▸ **Instructions to follow**
Omitting all images, transcribe the entries word for word.
(Data records Opens)
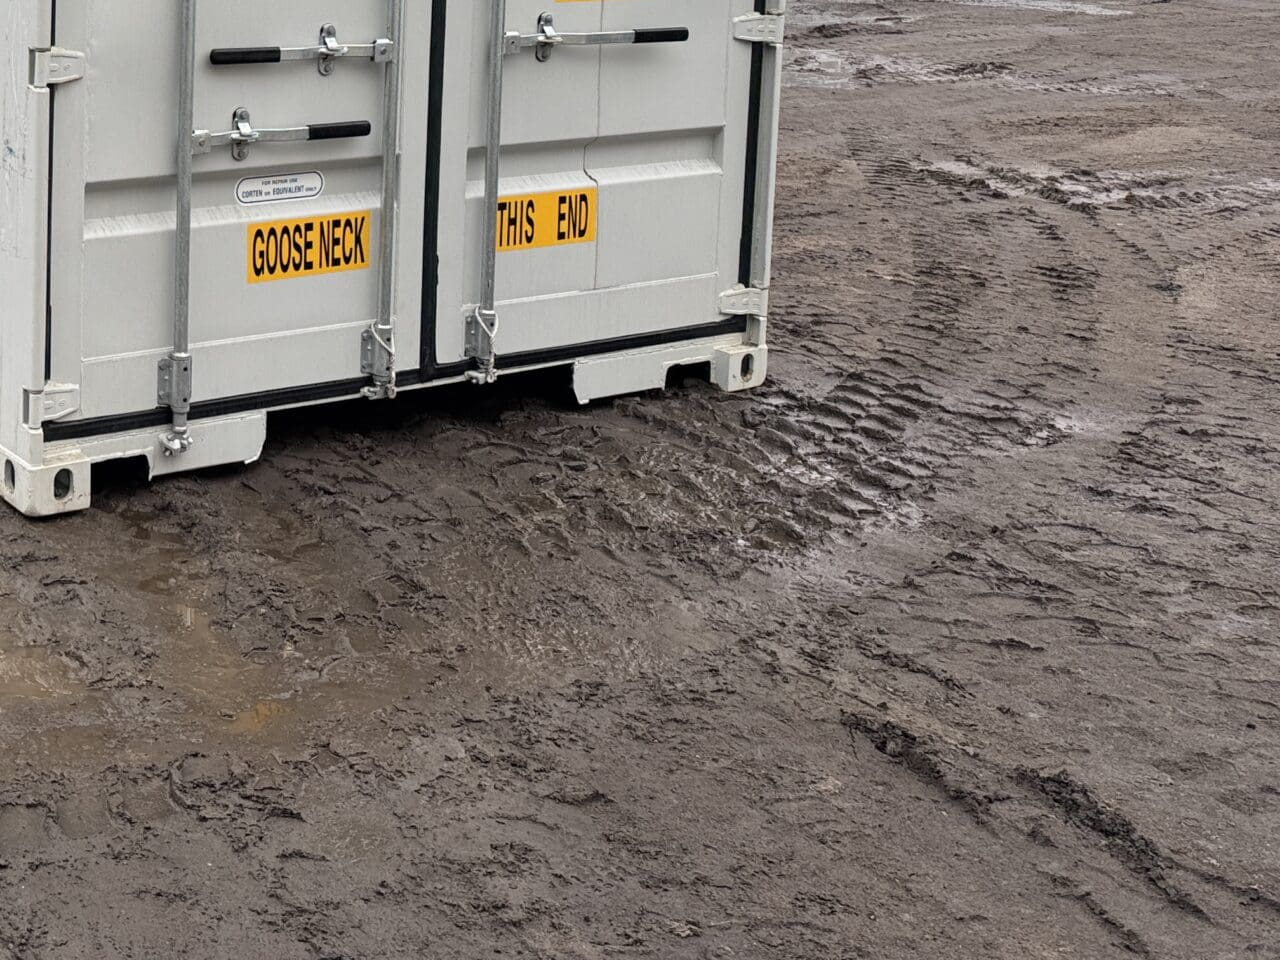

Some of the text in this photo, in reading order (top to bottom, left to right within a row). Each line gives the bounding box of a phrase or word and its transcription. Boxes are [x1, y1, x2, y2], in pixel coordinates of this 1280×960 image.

[242, 189, 263, 198] CORTEN
[272, 185, 304, 196] EQUIVALENT
[252, 216, 365, 277] GOOSE NECK
[497, 193, 588, 247] THIS END
(Data records Closes)
▸ **Task result**
Some of the text in this photo, in reading order (top to bottom, left to right within a row). Each line gives the bounding box of a phrase or word and its transcription. Boxes are [x1, y1, x2, y2], in pixel coordinates of this 1280×960 image.

[242, 189, 263, 198] CORTEN
[272, 185, 304, 196] EQUIVALENT
[252, 216, 365, 277] GOOSE NECK
[497, 193, 588, 247] THIS END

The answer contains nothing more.